ThetaRay has introduced Ray, an agentic artificial intelligence system designed to support anti-money laundering (AML) investigations within financial institutions.
The new tool is embedded in the ThetaRay Investigation Centre and is intended to address operational pressures created by higher regulatory expectations and increasing alert volumes.
According to the official press release, regulatory frameworks in major markets have raised standards for investigative depth, consistency, and documentation. In the European Union, the Anti-Money Laundering Regulation and the establishment of a central AML Authority aim to harmonise due diligence and monitoring requirements across member states. In the United States, updated priorities from the Financial Crimes Enforcement Network underline the need for evidence-based investigations and clearly substantiated suspicious activity reports.
These developments have placed investigation teams under strain, as manual data collection and fragmented workflows often slow case resolution and introduce inconsistencies. ThetaRay’s Ray is positioned as a response to these challenges by automating large parts of the investigative process while keeping human analysts involved in decision-making.
Automating evidence gathering and case preparation
Ray is designed to manage end-to-end investigations, including data aggregation, counterparty and behavioural analysis, geolocation checks, adverse media screening, and document review. The system produces structured case files intended to meet audit and regulatory requirements, with supporting materials such as charts or visual summaries attached where relevant.

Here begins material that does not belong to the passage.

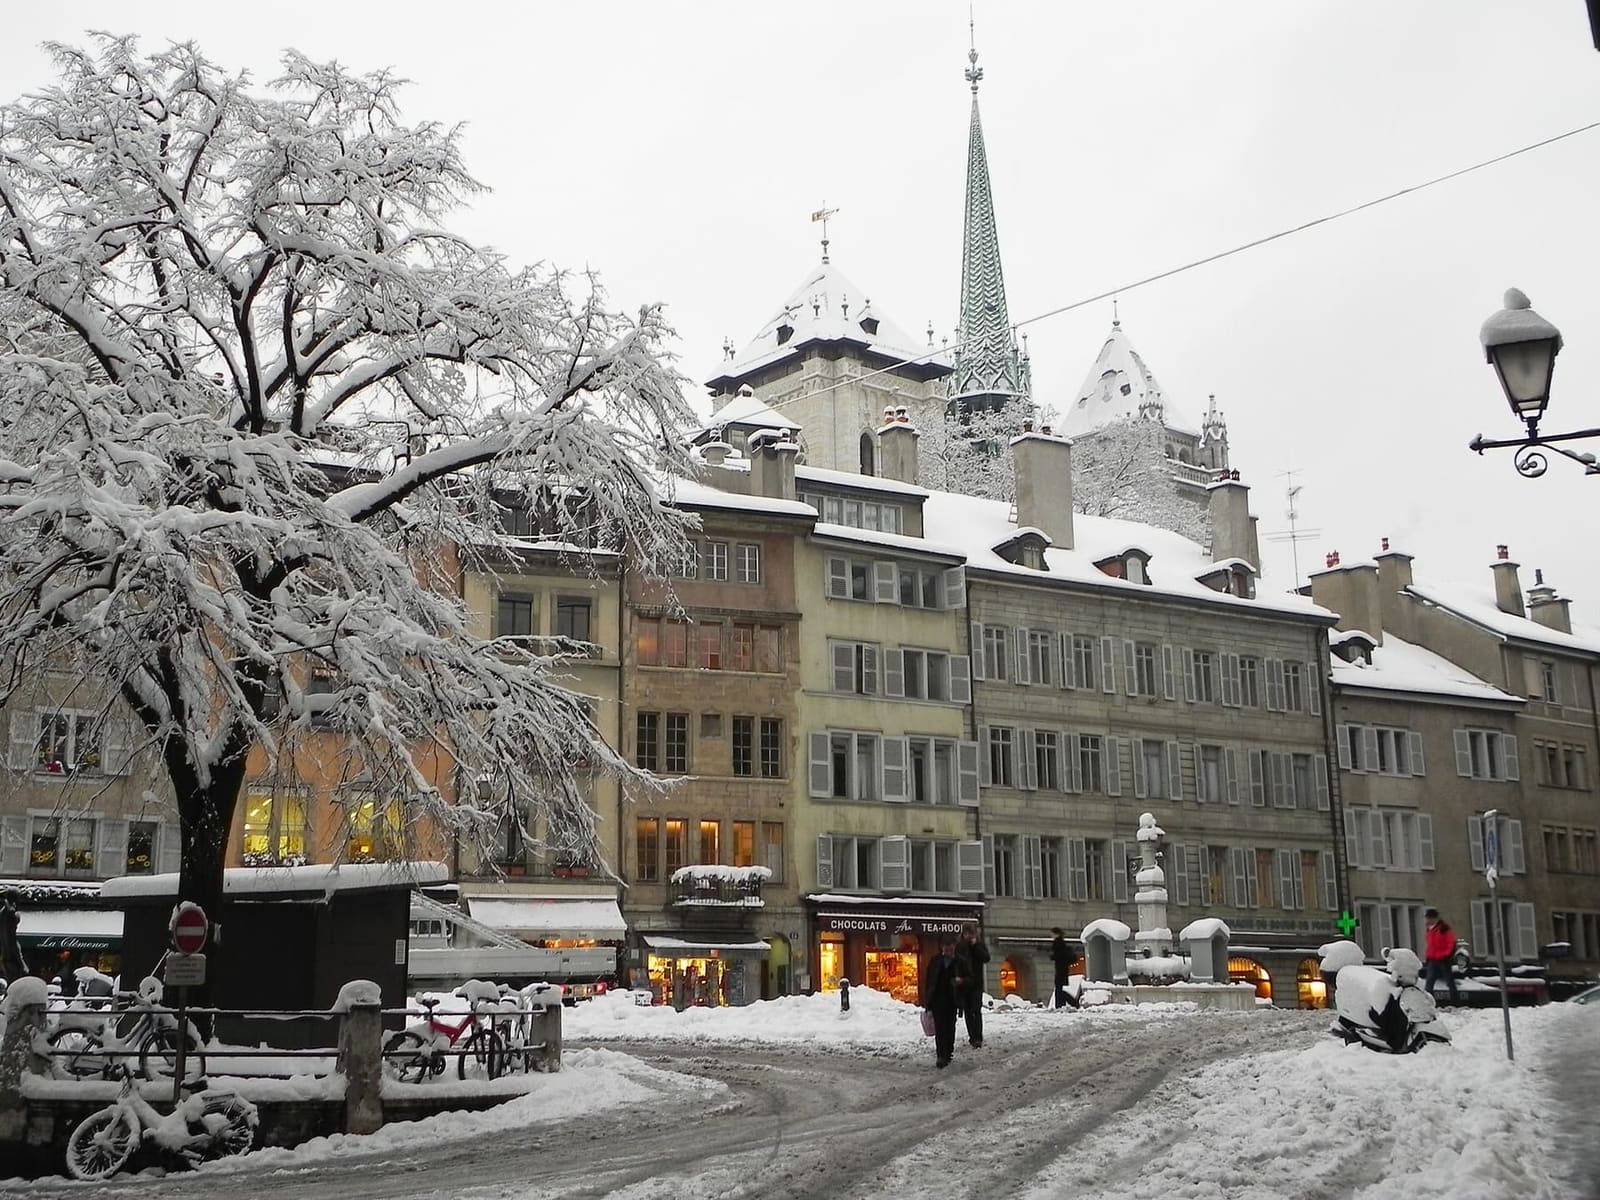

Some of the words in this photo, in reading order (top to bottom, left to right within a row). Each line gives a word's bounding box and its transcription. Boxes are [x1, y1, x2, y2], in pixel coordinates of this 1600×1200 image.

An on-demand AI assistant is also included to help analysts test assumptions, request additional checks, and summarise documentation during reviews or escalations. According to ThetaRay representatives, the objective is to reduce variation between investigators and ensure that conclusions can be traced back to underlying evidence.
Company officials stated that previous efforts to modernise AML operations often focused on detection rather than investigation, leaving a bottleneck in downstream processes. They also noted that investigative outcomes can differ widely between analysts, which may increase regulatory risk.
ThetaRay said institutions using the system could reduce manual investigation time significantly while improving consistency and transparency. Ray is available for banks, fintech companies, and payments platforms operating under heightened AML scrutiny.